I mean, filmmaking is expensive art, but filming a war, it's a very expensive process.
You know, you get a car and then this car is unusable.
You get equipment and then equipment is destroyed.
So, and you have couple of filmmakers who are trained to make this film risking their lives and trying to tell the truth.
Also, just to tell this story, like we, right now we have almost 500 hours of footage and many characters and it was very challenging and very hard to choose which storyline are we keeping in the film and what are we cutting from the film, and understand this story was difficult.
Like, for example, we are unfolding the story of how Russian agents were manipulating and basically zombifying Ukrainian youth in the east, creating this military camps called Strike Ball, and actually turning Ukrainian boys from broken families into separatists.
But nobody knew about it.
It was this hidden strategy of hybrid war that world was not aware about and we were learning about it while filming.
So to actually discover the truth, to film it, to make it happen, it takes years, a lot of effort.
But to tell the lie, it just, you know, it's much easier for the regimes.
- What you've just mentioned is an extraordinary part of the story that you tell.
And I want to describe a little bit.
I realize that for those of you in the room here today, I think many of you understand the history.
There's a lot of people listening on the radio who, you know, are googling Maidan right now and they're not sure how to spell it.
And I think it's important to remember that, you know, there were these series of revolutions, and ultimately Maidan was a moment where the people of Ukraine were very clearly saying, we are orienting ourselves towards Europe.
They were carrying the flag of the European Union in the square.
And that shifted everything.
And meant that Yanukovych who was aligned with Russia was ousted and a democratic revolution was actually in place.
But that began a whole series of efforts by Russia to undermine those efforts.

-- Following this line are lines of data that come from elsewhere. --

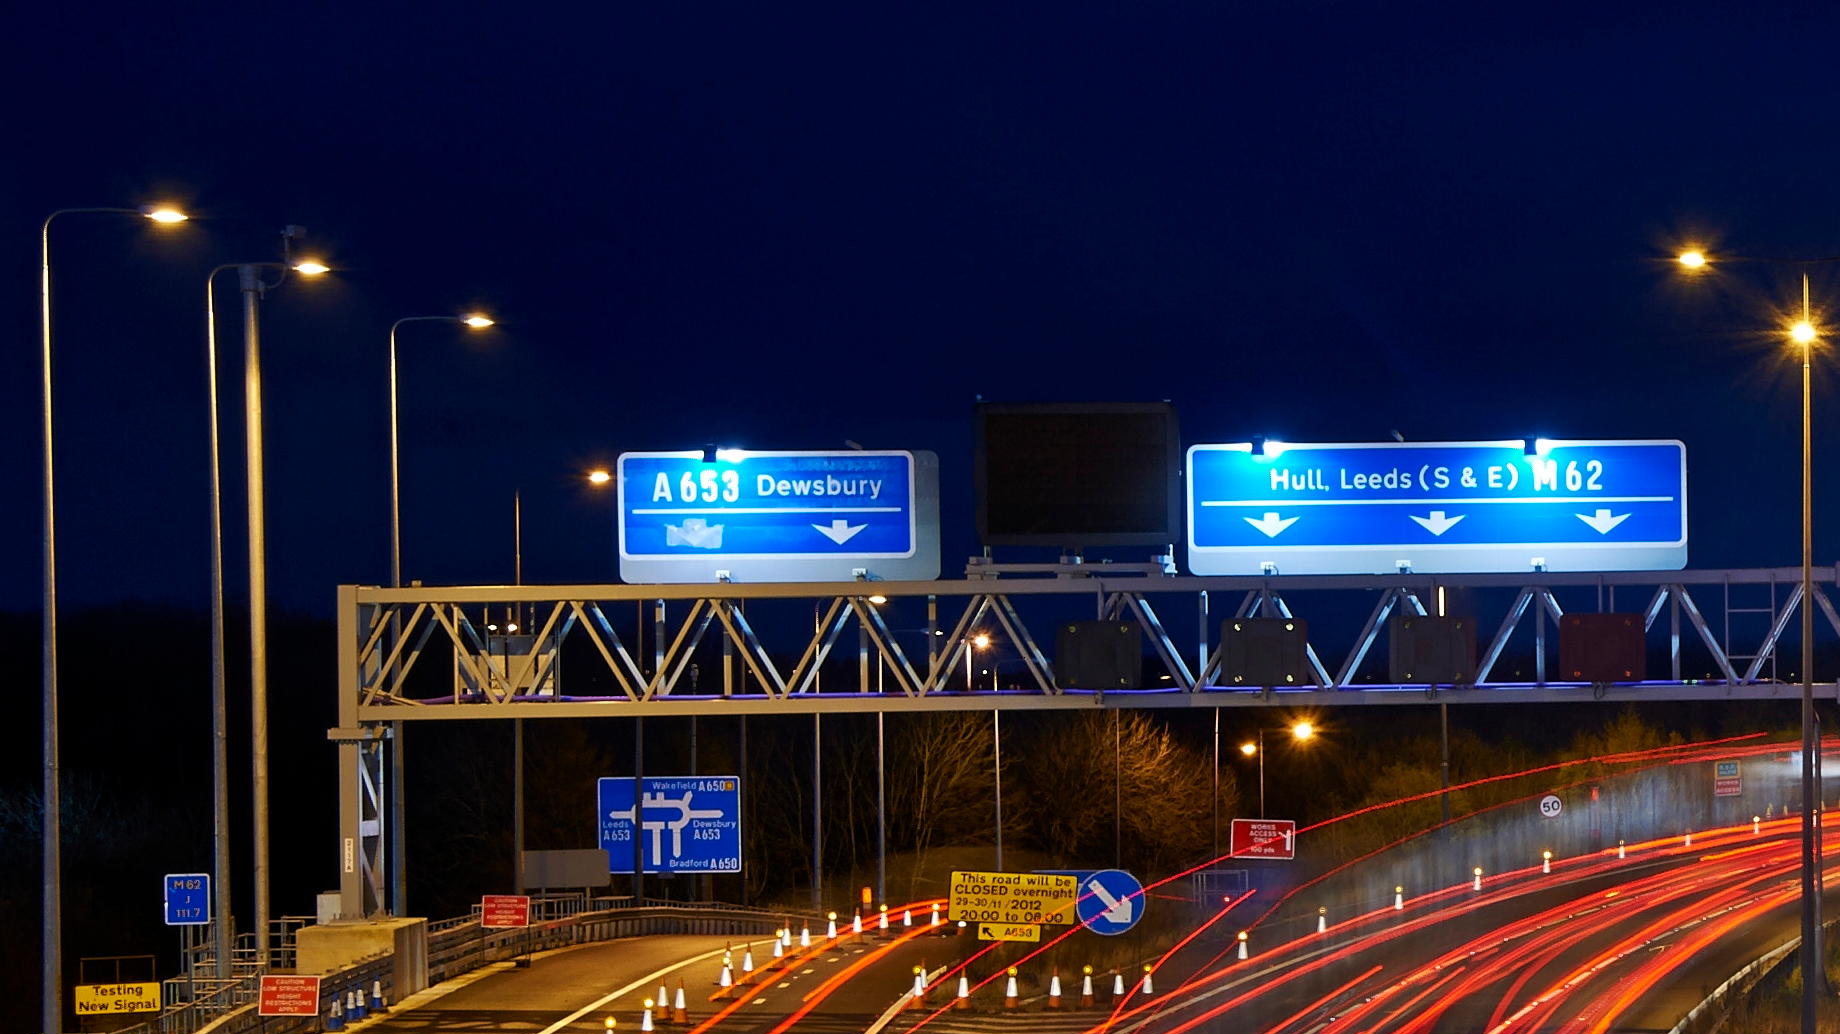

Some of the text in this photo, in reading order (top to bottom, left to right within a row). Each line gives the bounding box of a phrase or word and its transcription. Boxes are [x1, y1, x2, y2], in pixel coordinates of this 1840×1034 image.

[1270, 467, 1330, 492] Hull,
[1340, 467, 1412, 490] Leeds
[1418, 464, 1450, 492] (S
[1460, 467, 1478, 489] &
[1488, 464, 1519, 491] E)
[756, 474, 882, 499] Dewsbury
[652, 781, 696, 790] Wakefield
[1542, 800, 1560, 813] 50
[603, 820, 629, 828] Leeds
[693, 820, 737, 829] Dewsbury
[669, 859, 708, 868] Bradford
[961, 873, 1071, 887] This road will be
[955, 884, 1073, 900] CLOSED overnight
[1006, 912, 1018, 921] to
[1004, 927, 1033, 938] A653
[92, 985, 143, 996] Testing
[79, 998, 156, 1012] New Signal

And you've just described this thing.
From my understanding, Russia was sending agents, and you were trying to recruit one of the characters in your documentary, and Strike Ball that you mentioned is sort of military training exercises where, you know, sort of war games that young people would have putting on military gear, pretending to be in the military and capturing each other's, you know, going against one another, but really is a way to just build this sort of esprit de corps among a group of young people so that they could then sort of turn them into military tools, essentially.
Is that accurate?
- Yeah.
- And that was happening throughout the east in Donbas, and in these areas where we were then told by Russian propagandas that there were Nazis that they were fighting against.
Right?
That's the story?
- Yeah.
- Yeah.
So we haven't mentioned Nazis until now, which is fun.

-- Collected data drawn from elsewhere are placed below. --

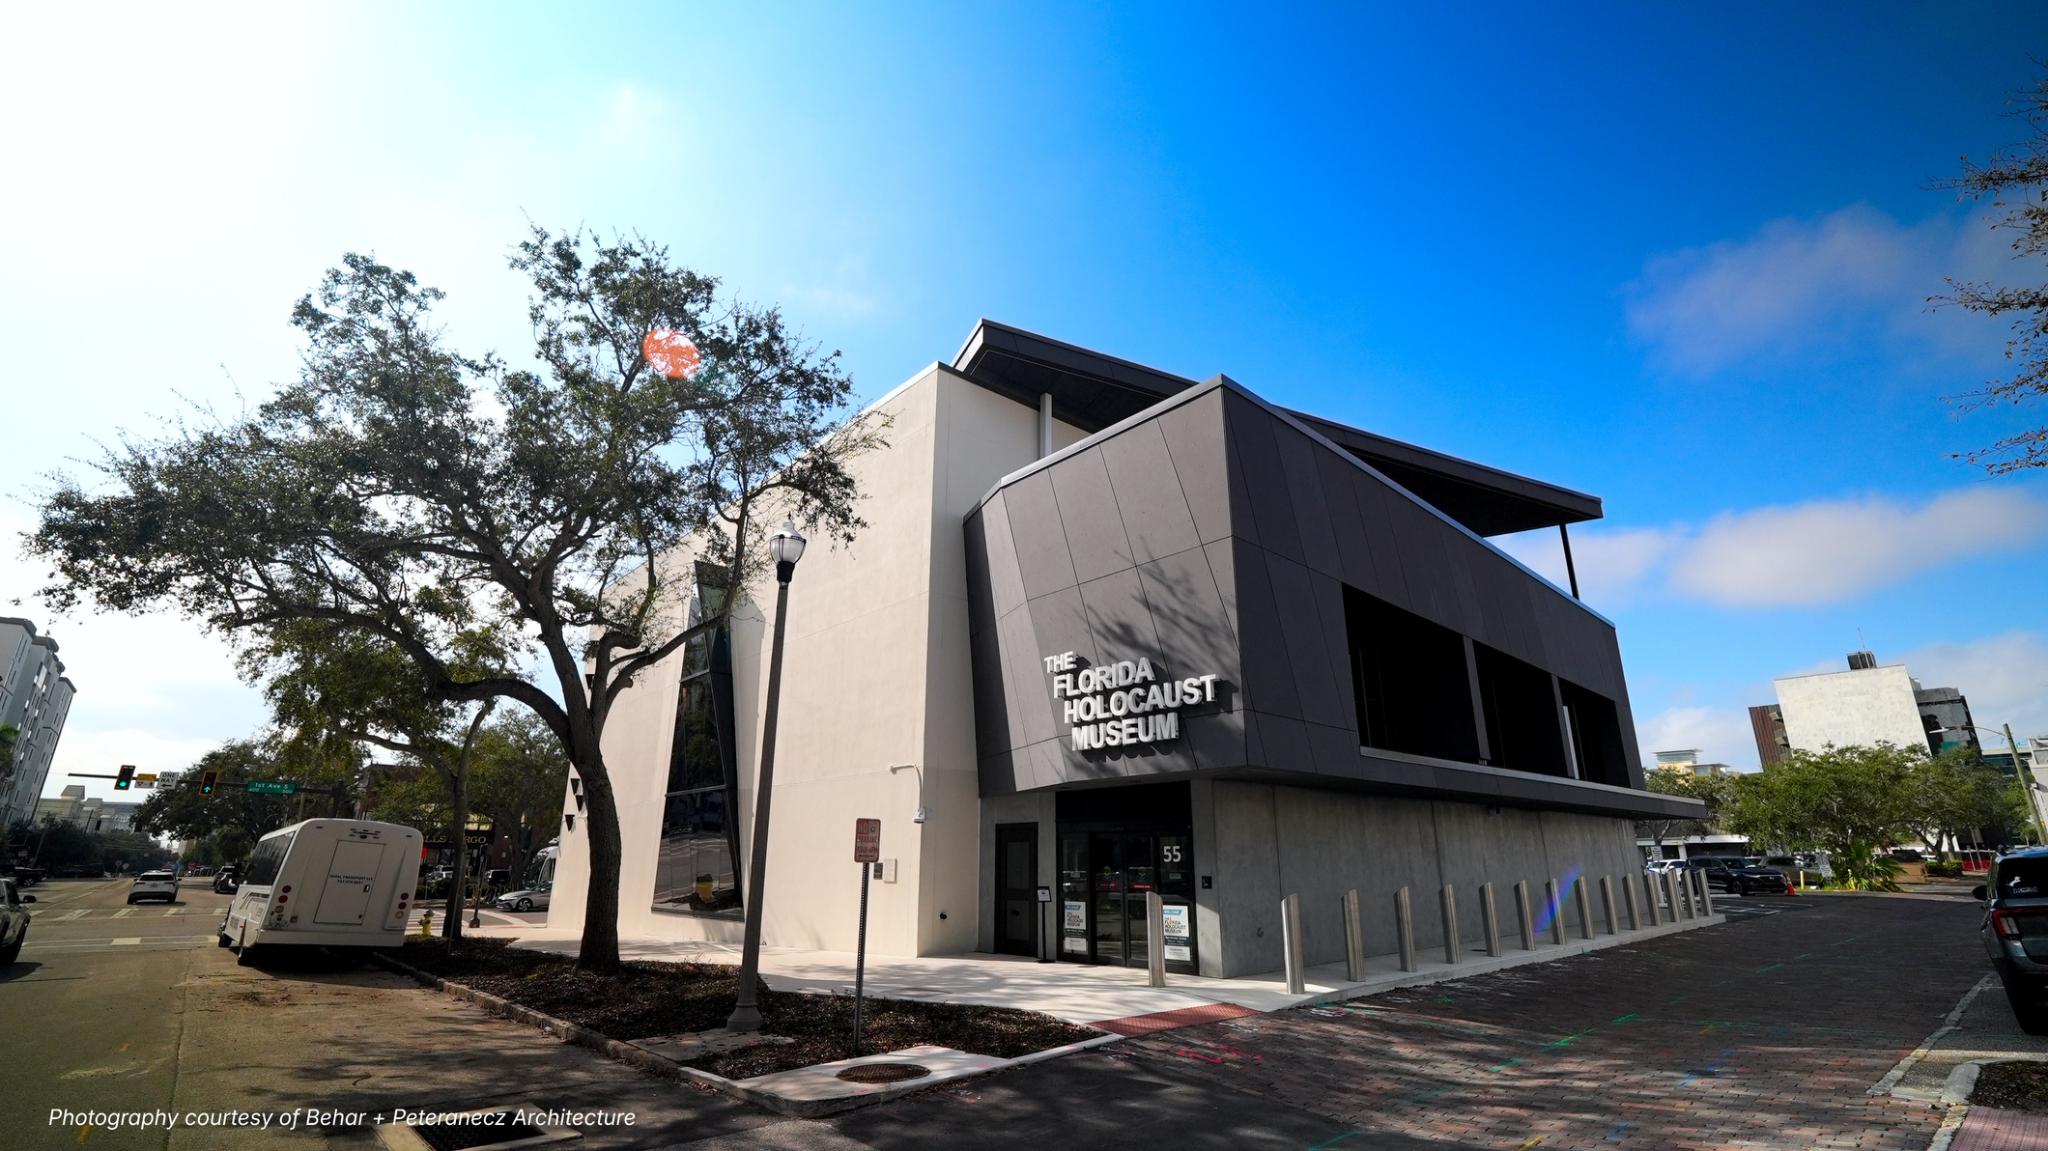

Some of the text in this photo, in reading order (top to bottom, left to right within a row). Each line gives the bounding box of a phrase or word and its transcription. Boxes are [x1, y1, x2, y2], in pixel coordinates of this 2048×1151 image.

[1044, 651, 1077, 674] THE
[1054, 657, 1156, 698] FLORIDA
[1064, 673, 1219, 723] HOLOCAUST
[1072, 712, 1180, 751] MUSEUM
[858, 822, 868, 833] NO
[1163, 845, 1182, 863] 55
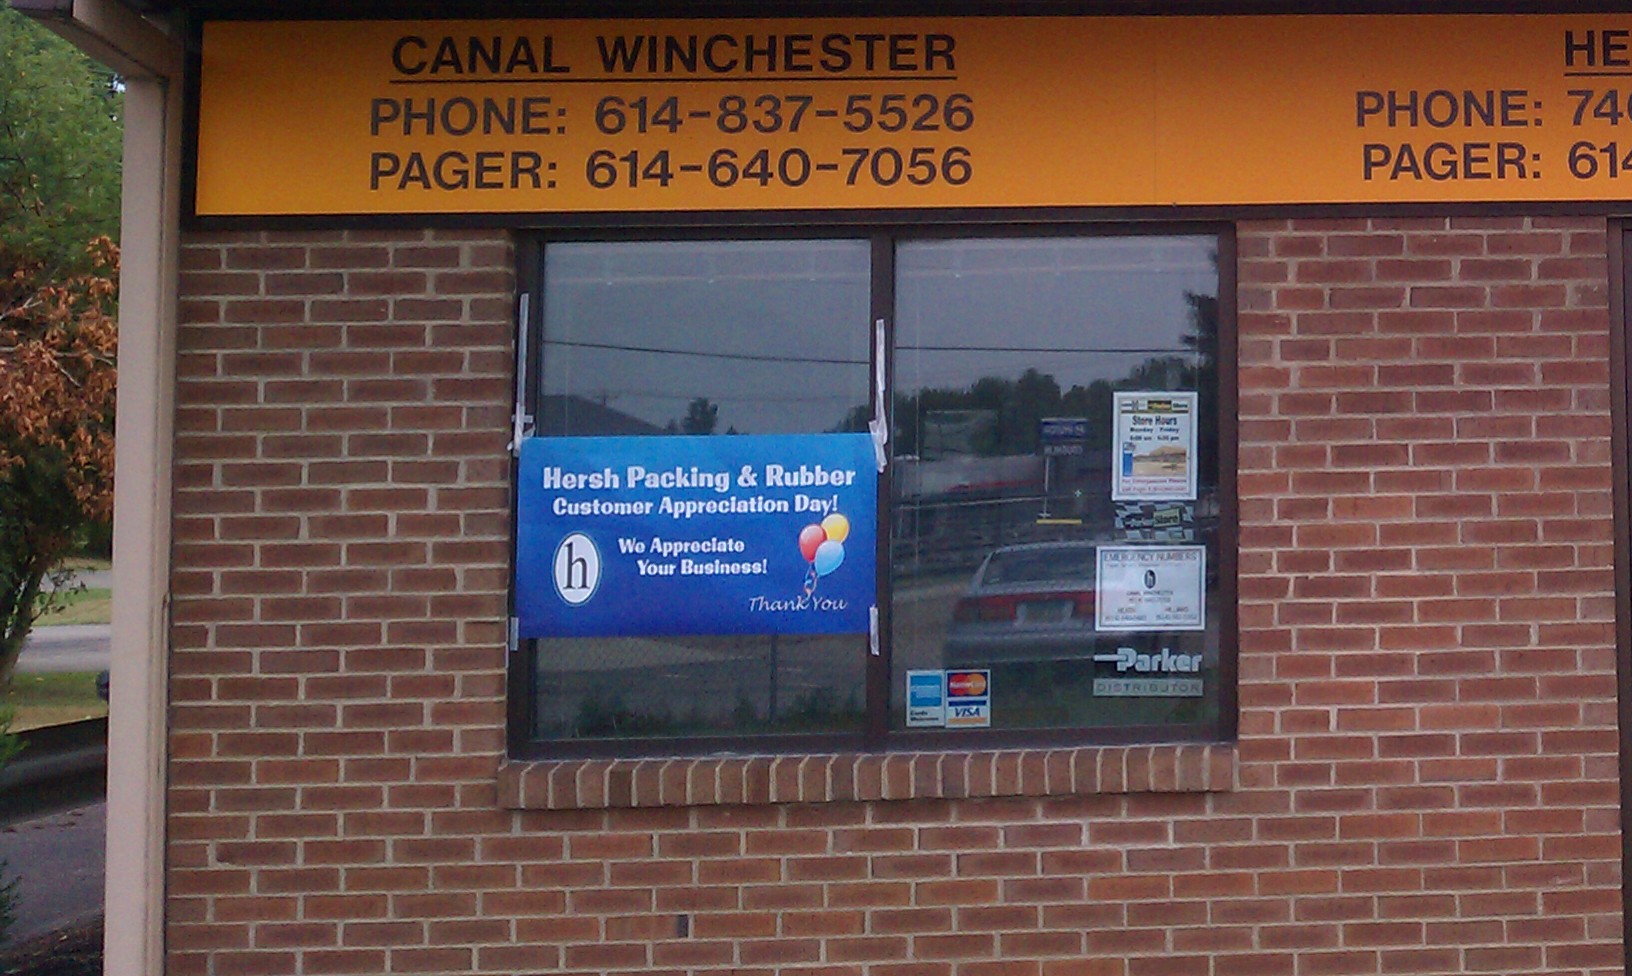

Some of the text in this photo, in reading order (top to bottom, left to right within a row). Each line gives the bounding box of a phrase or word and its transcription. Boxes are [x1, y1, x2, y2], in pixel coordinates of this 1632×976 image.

[391, 32, 958, 76] CANAL WINCHESTER
[369, 92, 975, 136] PHONE: 614-837-5526
[1355, 88, 1544, 129] PHONE:
[369, 145, 974, 191] PAGER: 614-640-7056
[1362, 140, 1542, 181] PAGER:
[1131, 414, 1178, 426] Store Hours
[543, 464, 856, 493] Hersh Packing & Rubber
[552, 493, 839, 518] Customer Appreciation Day!
[618, 536, 746, 558] We Appreciate
[1104, 551, 1198, 562] EMERGENCY NUMBERS
[562, 541, 590, 590] h
[637, 557, 768, 576] Your Business!
[749, 594, 848, 612] Thank You
[1116, 647, 1203, 673] Parker
[1097, 682, 1200, 693] DISTRIBUTOR
[954, 707, 981, 717] VISA

And we haven't actually mentioned President Zelenskyy at all.
And I wanted to point out that as large a figure as he is in the global kind of story or the way the story is told to other nations, he doesn't figure prominently in the stories that both of you tell.

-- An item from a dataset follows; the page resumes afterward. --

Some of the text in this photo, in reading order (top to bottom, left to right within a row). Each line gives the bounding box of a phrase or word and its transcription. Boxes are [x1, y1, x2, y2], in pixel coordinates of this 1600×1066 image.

I know he's instrumental to the narrative, but not to the story you tell.
- I met Volodymyr, because for me he was Volodymyr, since 2016, I met him as an actor and I was finishing my other movie in-between in Ukraine and I met him, and we became friends.
But I deliberately showing him in my movie only a couple of times and not as the president, but somebody as ordinary person, because for me he's one of Ukrainian people who are there, who fighting in his own way for this war.
And he's a son of Ukrainian nation.
So that's why for me, I not was focusing on him as the president.
Trust me, he not missing attention.
He gets this attention.
He gives speeches.
But I think for me, it was important to show how ordinary people dealing with this war, how they're fighting.
Because for me, heroes are the Ukrainian people at the end of the day.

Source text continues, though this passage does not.